ASSIGNED TASK:
The response should contain all of the records, copied exactly, and none of the images.

RECORDED INFORMATION:
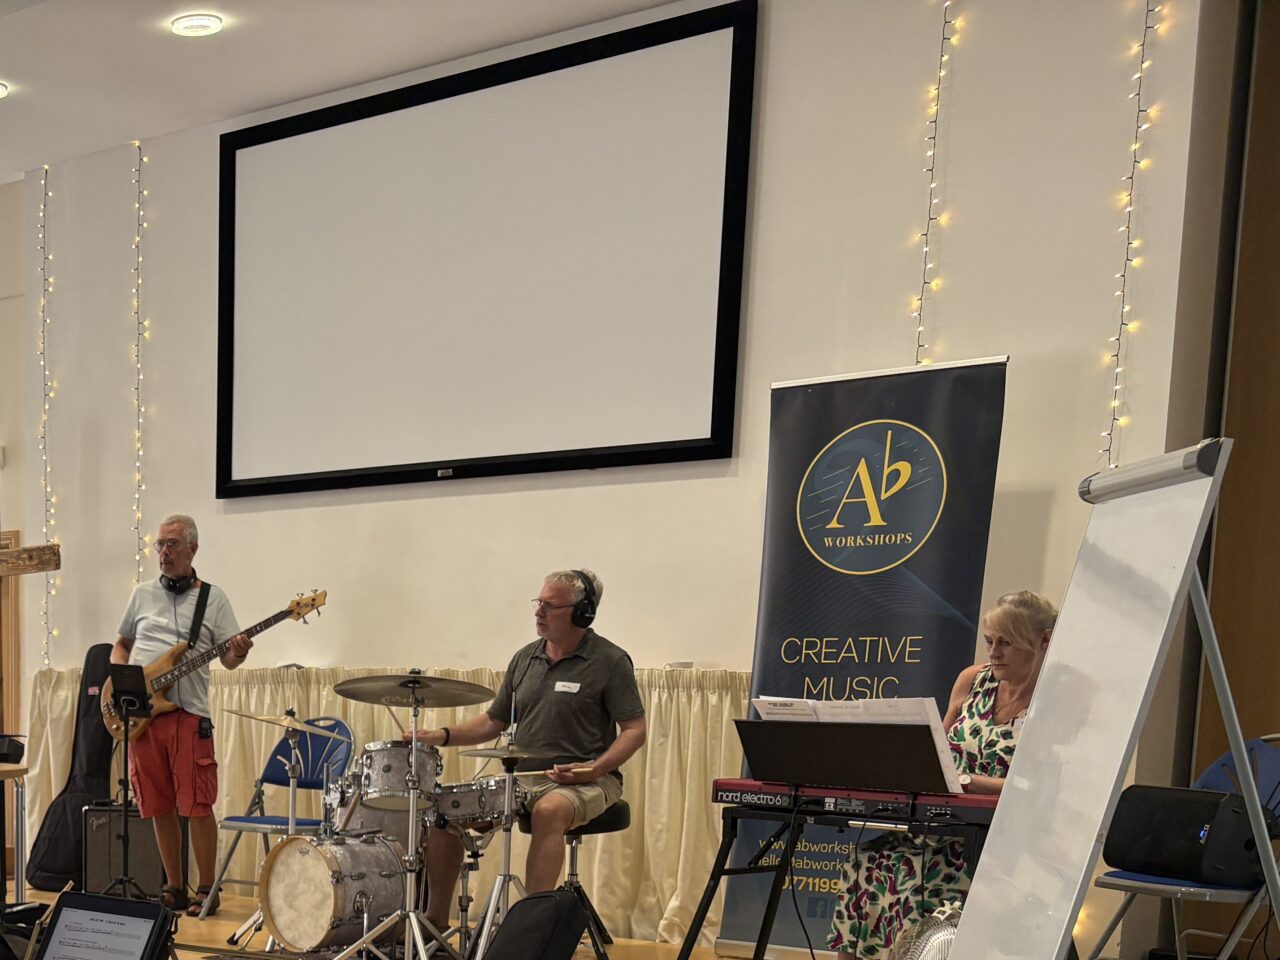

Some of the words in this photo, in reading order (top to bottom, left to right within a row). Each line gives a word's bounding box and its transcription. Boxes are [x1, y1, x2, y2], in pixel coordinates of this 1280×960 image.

[823, 532, 913, 548] WORKSHOPS
[781, 636, 923, 664] CREATIVE
[803, 676, 900, 702] MUSIC
[718, 791, 740, 802] nord

RESPONSE BELOW:
Some of the words in this photo, in reading order (top to bottom, left to right within a row). Each line gives a word's bounding box and its transcription. Boxes are [x1, y1, x2, y2], in pixel coordinates of this 1280×960 image.

[823, 532, 913, 548] WORKSHOPS
[781, 636, 923, 664] CREATIVE
[803, 676, 900, 702] MUSIC
[718, 791, 740, 802] nord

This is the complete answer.